A new analysis by the Pesticide Action Network North America (PAN) draws a disturbing connection between pesticides in our food system and serious health problems among women and children. The report reviews empirical research linking agricultural chemicals to birth defects, neurological disorders, childhood cancers and reproductive problems.

Some of these chemicals make their way into the foods we eat, but they are more acutely concentrated in the environments surrounding farmlands. Children in or near farming areas can be exposed through myriad channels, from contaminated soil to the air in playgrounds.

But children in farmworker communities are especially at risk. While the report confirms the growing public concerns about health risks permeating our food chain, it also shows how socioeconomic inequalities can shovel many of the worst effects onto exploited, impoverished workers.

There’s been much public debate over the importance of organic produce, sustainable farming and regulating genetically modified foods–usually spurred by concerns over consumer health or animal rights. We hear less about the safety concerns that affect the workers who handle our fruits and vegetables before anyone else. For many Latino migrant workers, there’s no equivalent of a comprehensive safety label–no option to avoid the ubiquitous poisons in the field. Many worry that to complain about working conditions would mean being fired. Others simply–and quite reasonably–have little faith in the anemic government regulatory systems.

PAN cites research showing that pesticide injuries are prevalent among agricultural workers. Various studies cited in the report also suggest an epidemic of chemical “drift” from fields into nearby homes and neighborhoods. According to a 2009 report by the advocacy groups Earth Justice and Farmworker Justice (FWJ), “a growing number of epidemiological studies link pesticide drift to specific adverse health effects in humans, including autism spectrum disorders, Parkinson’s disease, and childhood acute lymphoblastic leukemia.”
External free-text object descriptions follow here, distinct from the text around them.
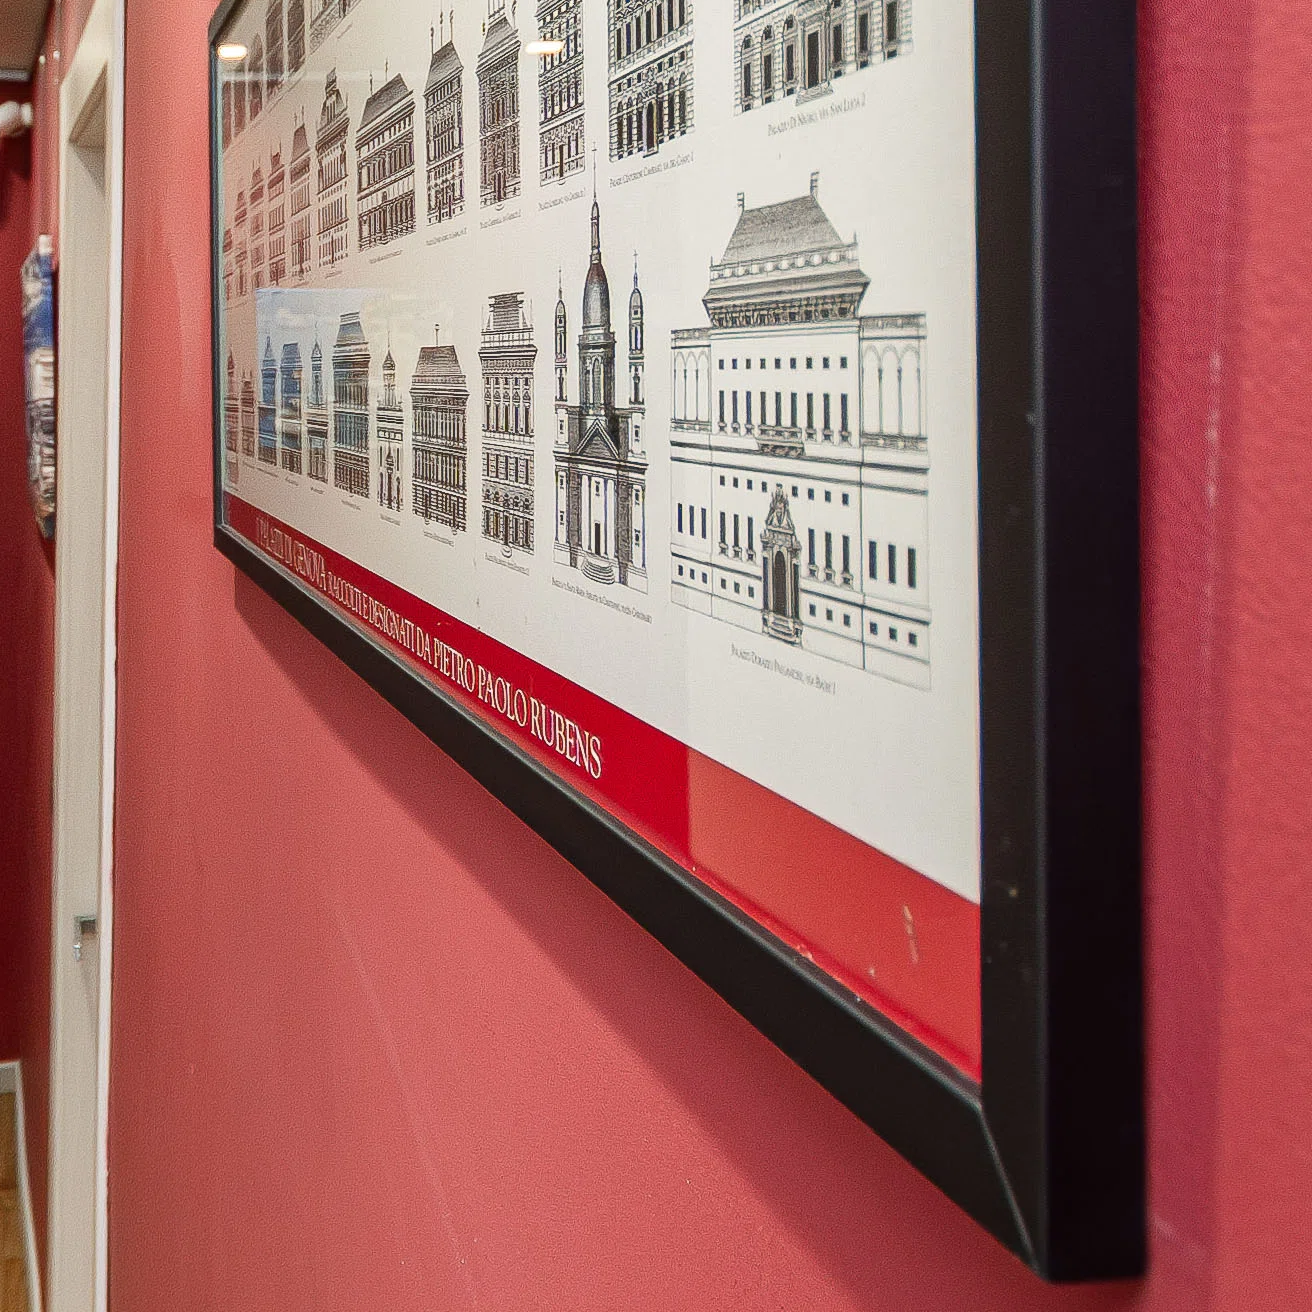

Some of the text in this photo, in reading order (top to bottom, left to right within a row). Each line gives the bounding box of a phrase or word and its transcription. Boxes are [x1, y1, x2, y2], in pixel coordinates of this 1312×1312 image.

[293, 538, 327, 592] GENOVA
[368, 595, 416, 654] DESIGNATI
[416, 626, 433, 665] DA
[433, 637, 476, 693] PIETRO
[477, 664, 527, 727] PAOLO
[529, 696, 602, 779] RUBENS
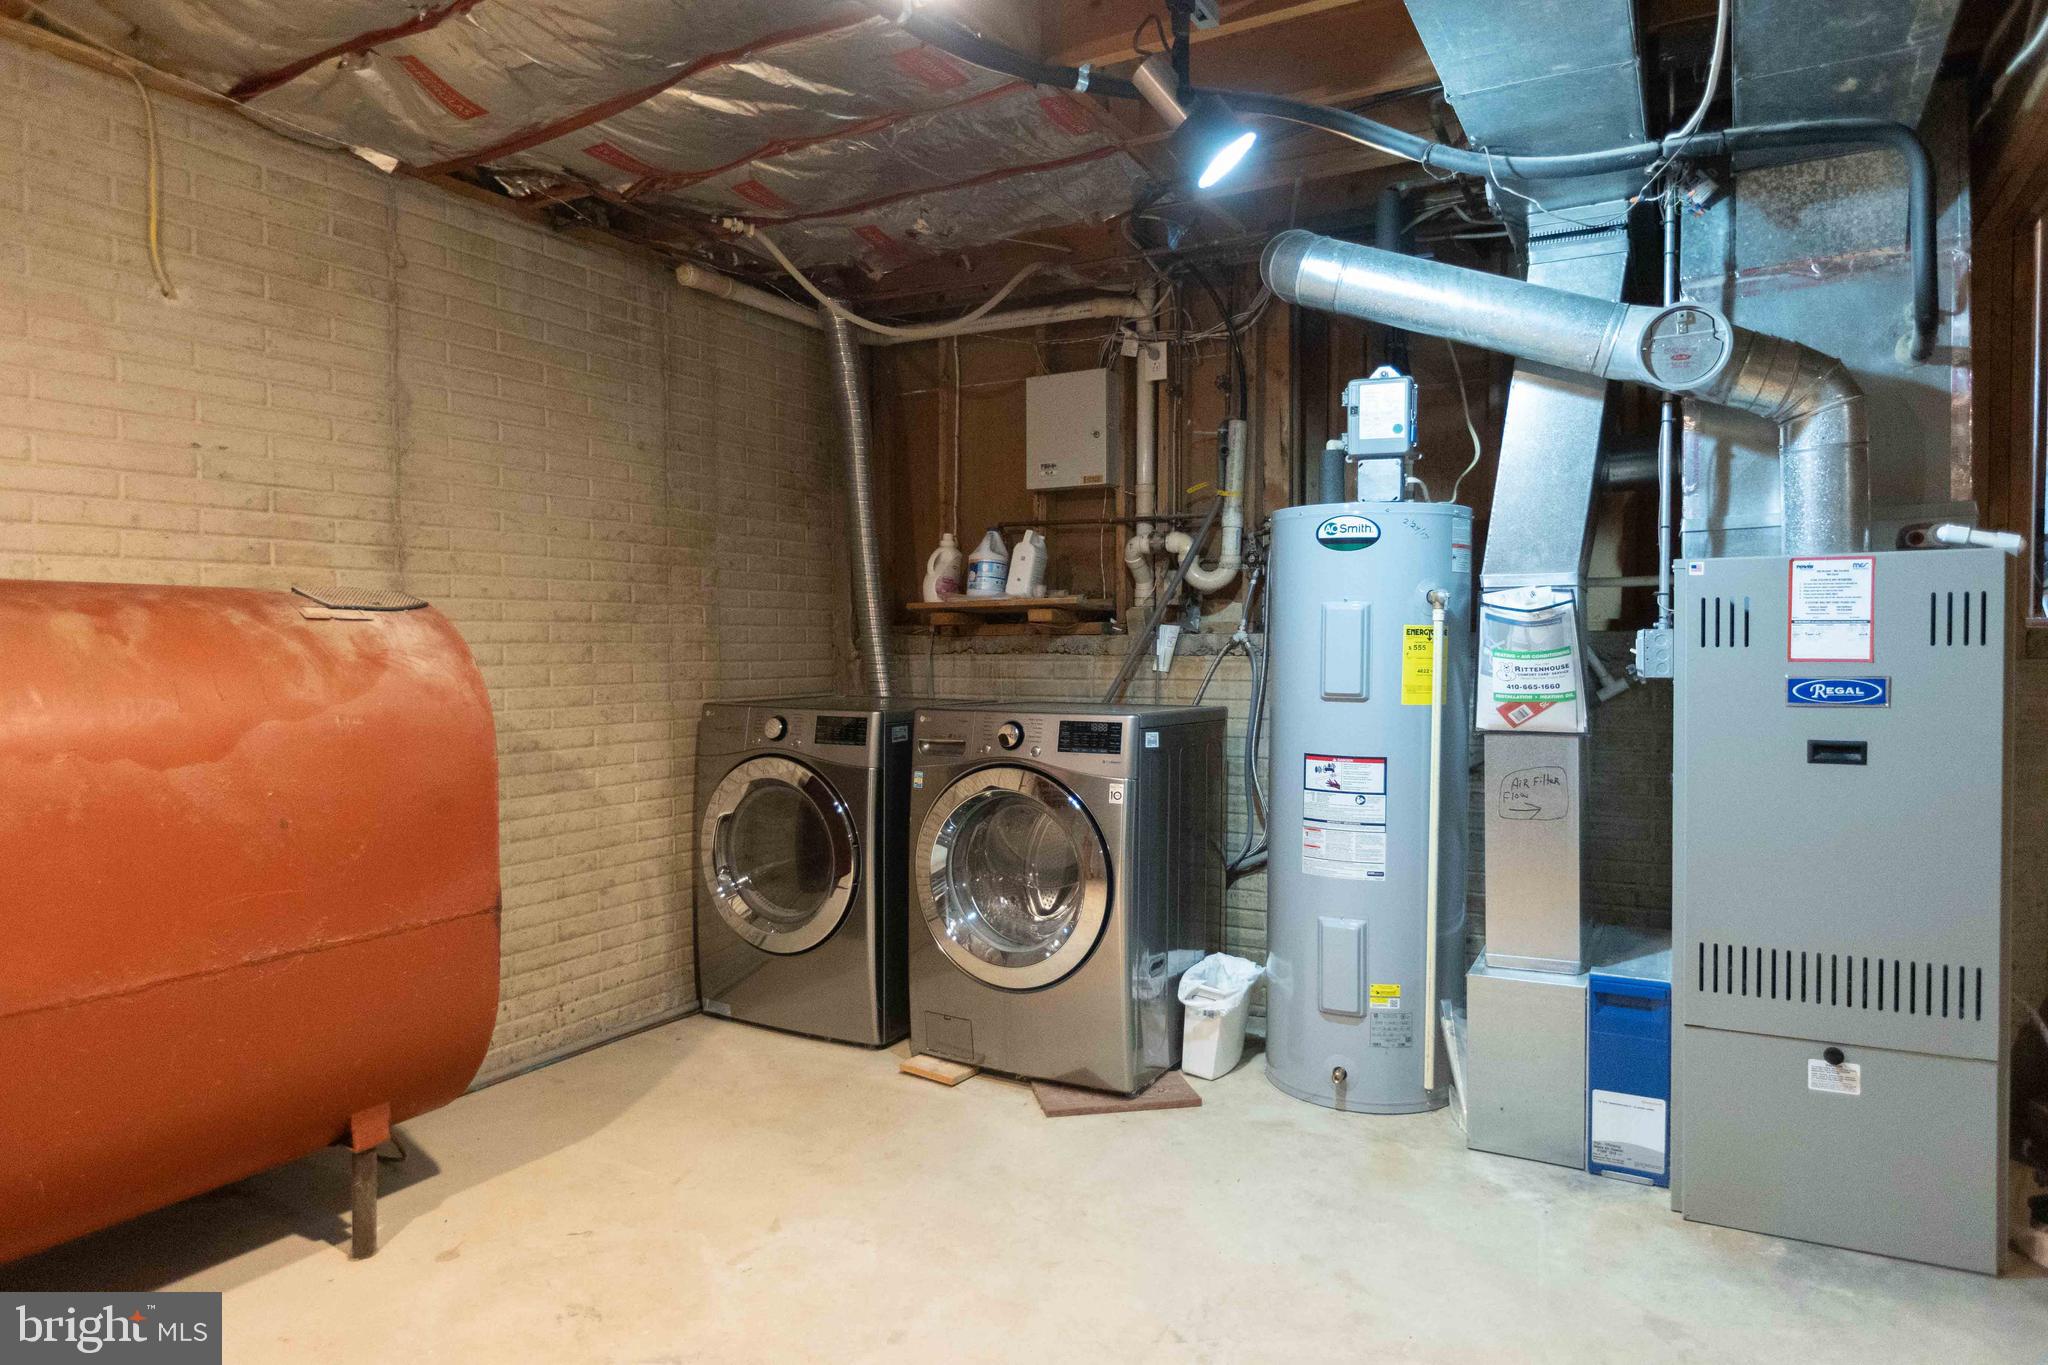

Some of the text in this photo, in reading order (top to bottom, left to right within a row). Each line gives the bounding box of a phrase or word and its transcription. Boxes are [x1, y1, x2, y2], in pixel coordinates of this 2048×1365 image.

[1339, 524, 1372, 534] Smith
[1514, 663, 1570, 672] RITTENHOUSE
[1810, 684, 1864, 698] REGAL
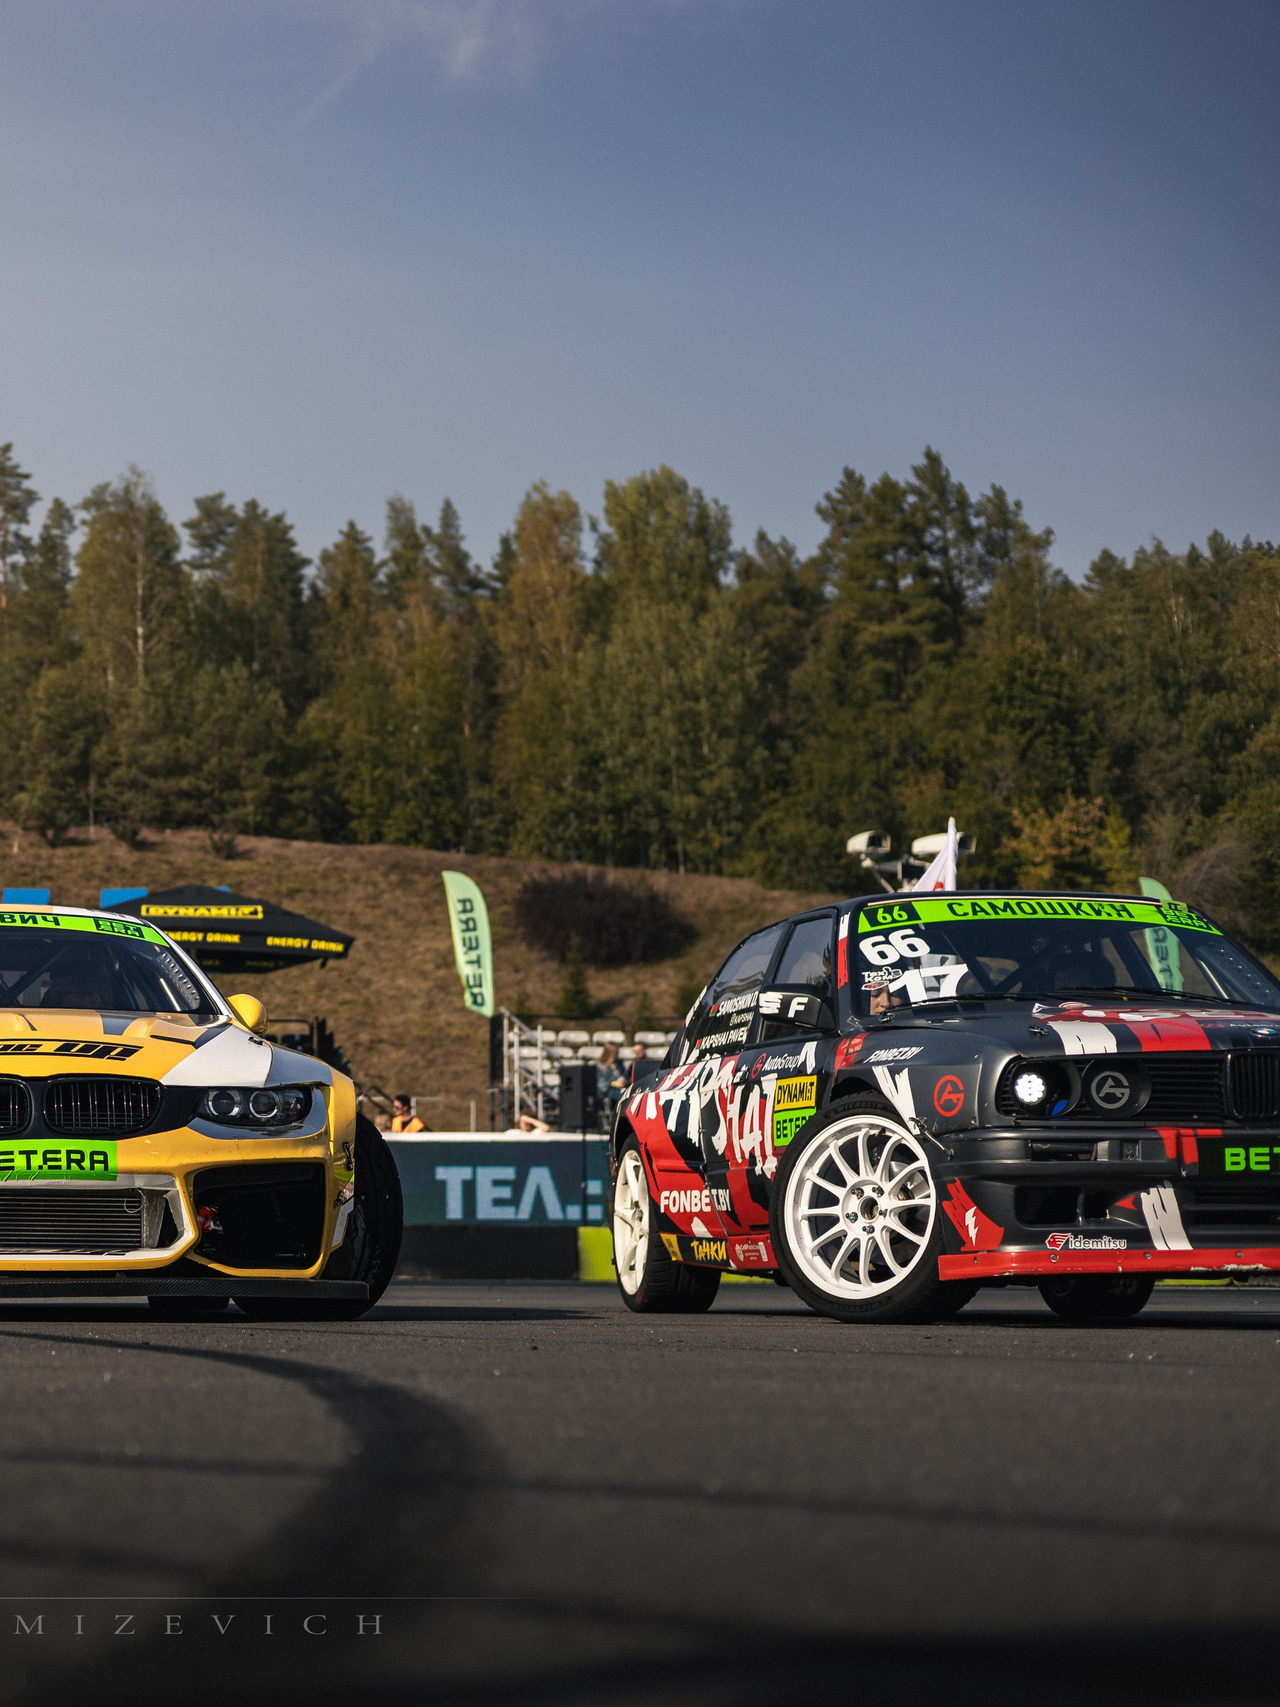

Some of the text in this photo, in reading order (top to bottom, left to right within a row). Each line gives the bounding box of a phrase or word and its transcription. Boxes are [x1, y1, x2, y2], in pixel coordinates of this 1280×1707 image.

[877, 905, 908, 924] 66
[206, 931, 240, 943] DRINK
[266, 936, 345, 952] ENERGY DRINK
[859, 928, 931, 966] 66
[888, 963, 969, 1004] 17
[1069, 1234, 1128, 1250] idemitsu
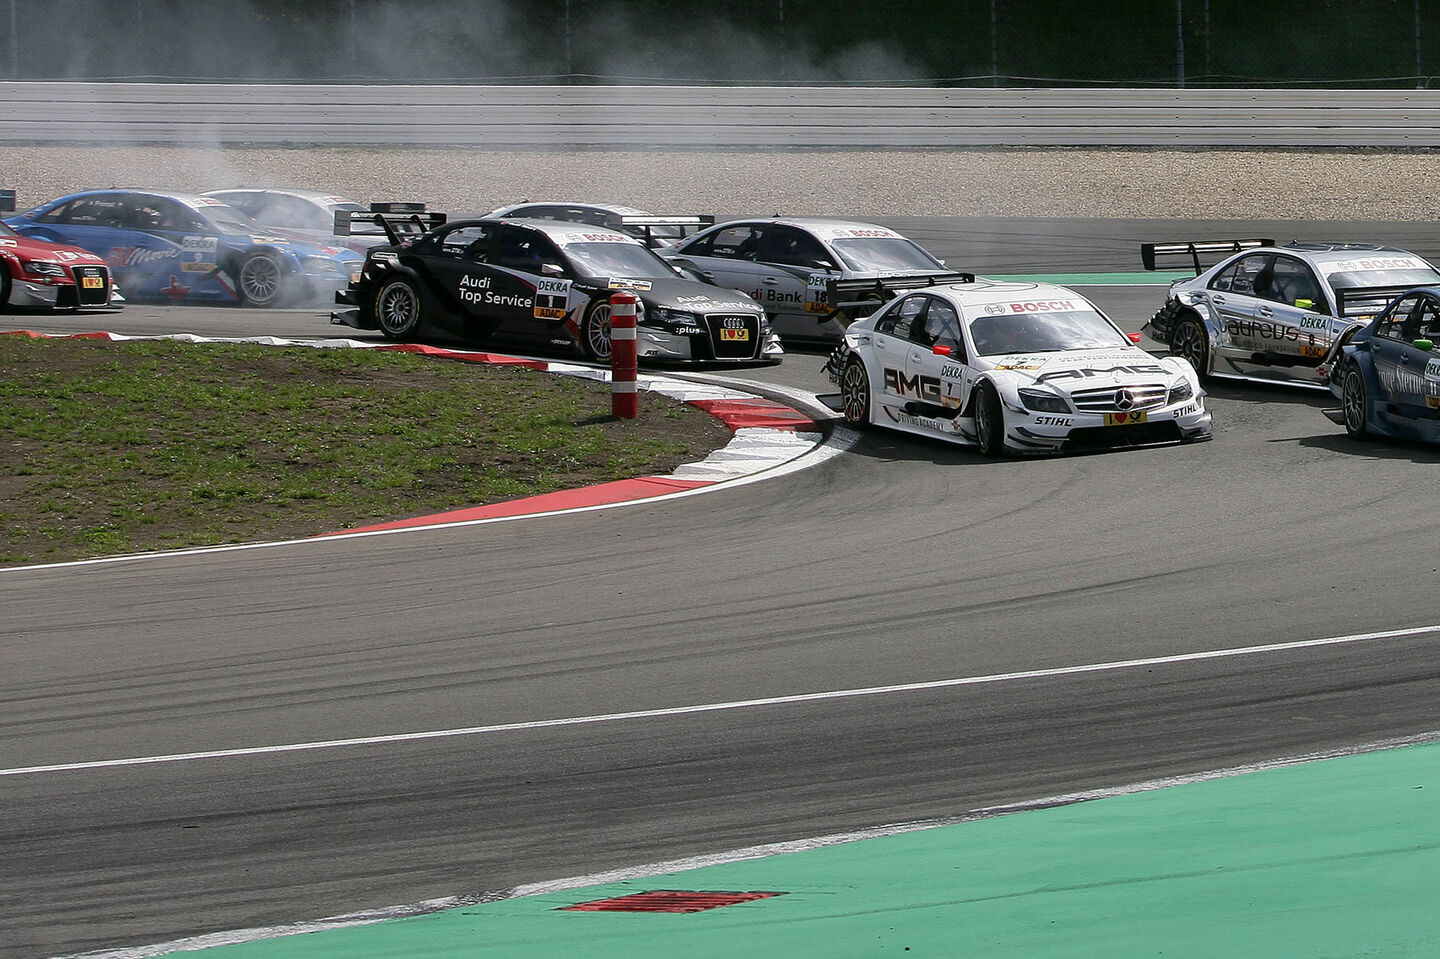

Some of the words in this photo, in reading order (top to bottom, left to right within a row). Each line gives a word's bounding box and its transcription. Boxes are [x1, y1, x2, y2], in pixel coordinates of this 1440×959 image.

While the problem is politically invisible, the effects are all too apparent. The PAN report describes the experience of Ana Duncan Pardo, a community health activist in North Carolina, who had a jarring encounter with farmworker families:

Within five minutes I had noted multiple cleft palates and several children with apparent Down Syndrome…. It was shocking and disturbing to walk into a room with a group of parents and children that easily represented three to four times the national average for birth defects.

The effect is likely compounded by the widespread use of child labor in agriculture–children barely in their teens can legally work on farms. That puts kids in daily contact with toxins that could irreparably harm their brains and bodies.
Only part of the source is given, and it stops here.